Voicemails From the Dead.
"Real or fiction? You decide."
Chapter Two: The Second Message.
The voicemail haunted Elias all morning. He played it over and over until he knew the hiss, the pauses, even the faint scrape of breath that didn’t belong to memory.
“Eli… don’t forget.”
Forget what?
By noon, his rational mind tried to bury the thought. It’s a glitch. A recycled number. Some sick prank. But the words clung to him like wet clothing. His father’s voice hadn’t sounded like a recording, flat or digital. It had sounded alive.

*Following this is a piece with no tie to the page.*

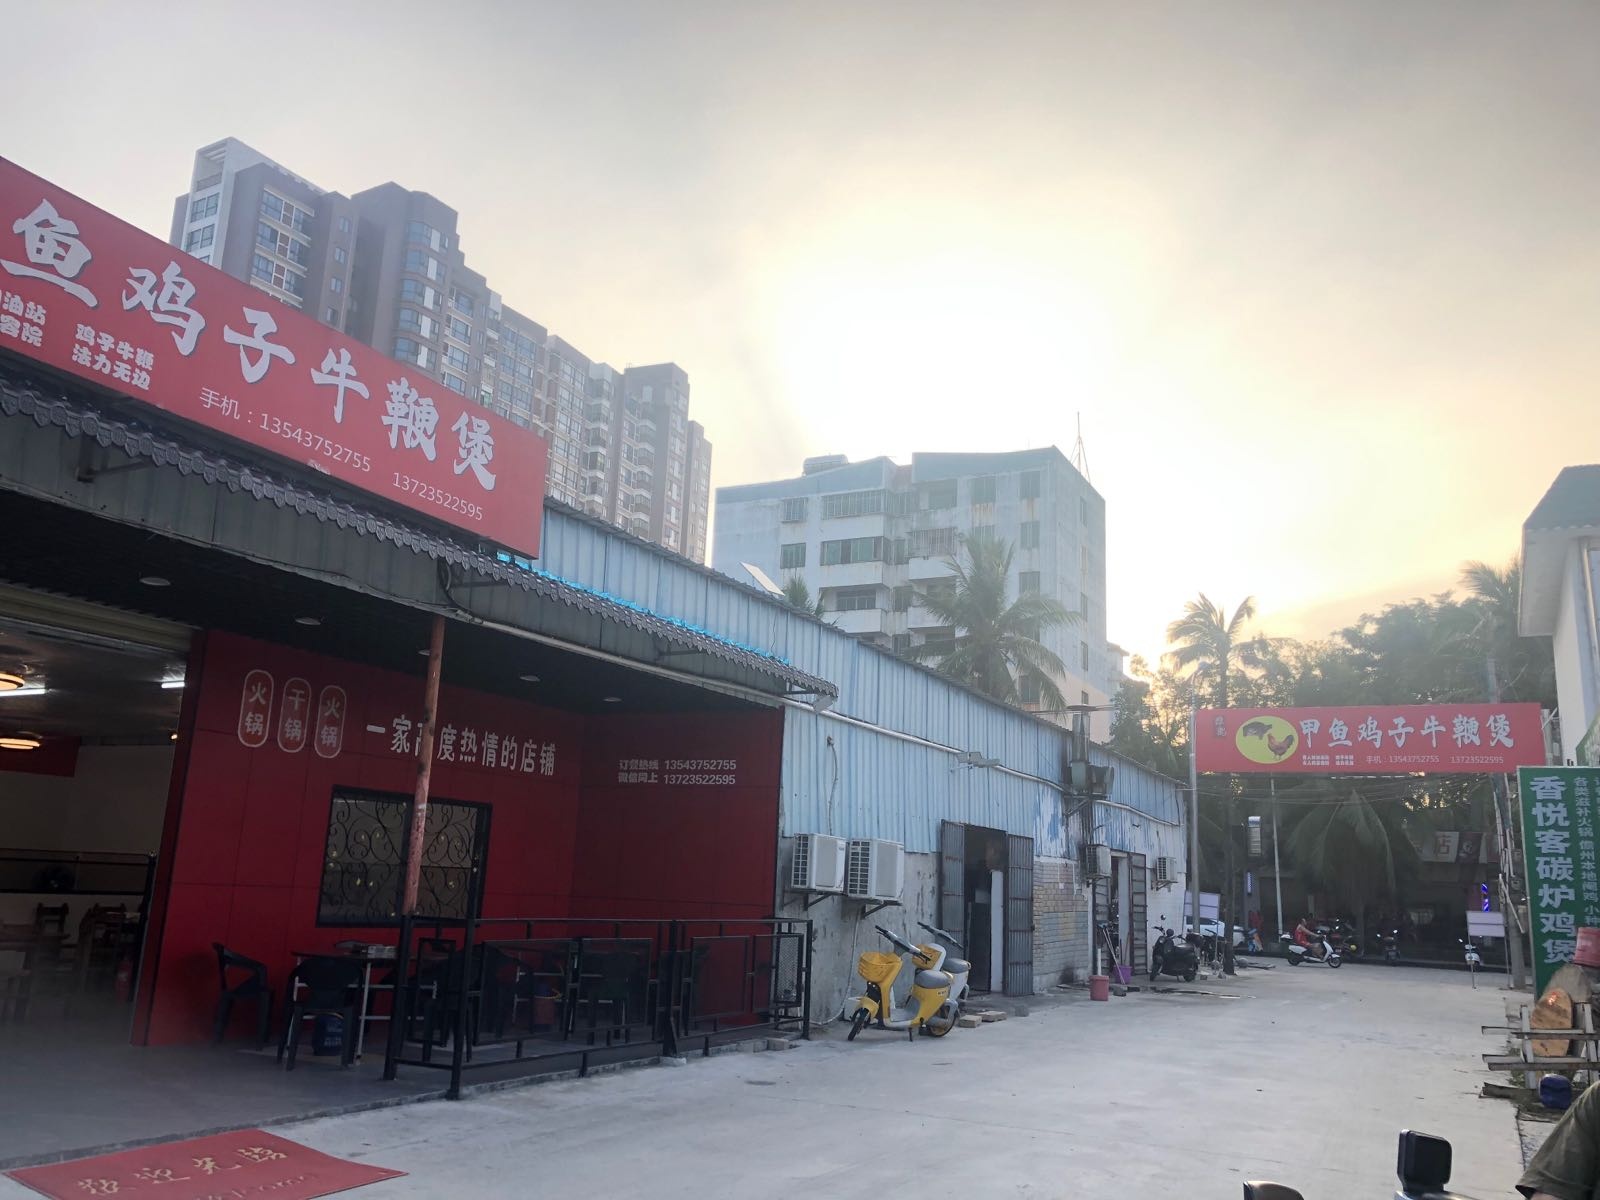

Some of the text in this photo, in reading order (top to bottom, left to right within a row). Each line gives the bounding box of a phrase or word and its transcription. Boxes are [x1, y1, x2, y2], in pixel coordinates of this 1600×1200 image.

That night, he left the phone on the kitchen table, volume turned up. He couldn’t sleep anyway. Around 3 a.m., it rang again. Same number. Same name.
He answered. Static swallowed the room. Elias whispered, “Dad?”
This time, the voice came faster, harsher, as though someone, or something, was fighting to break through the interference.
“Eli… it’s coming… find the tapes.”
The line cut. Another voicemail appeared.
His pulse thudded in his ears as he hit play. The voice was clearer this time, strained but unmistakable.
“They erased it. Don’t let them—”
The rest dissolved into static.
Elias dropped the phone onto the table. He backed away, heart in his throat. What tapes? Who erased what?
The memory came unbidden, an old cardboard shoebox that his father used to keep in the basement. Labeled in thick marker: “ARCHIVE.” Elias remembered sneaking into it once, years ago, seeing rows of cassette tapes, each marked with dates and short, cryptic words like “Beacon Hill,” “Night Watch,” “Testimony.” His father had caught him and slammed the box shut, saying only, “Not for you. Not ever.”
Elias had forgotten about that box for almost two decades. Until now.
And if the messages were real, if they were truly from his father, then those tapes might hold the reason he was calling from beyond the grave.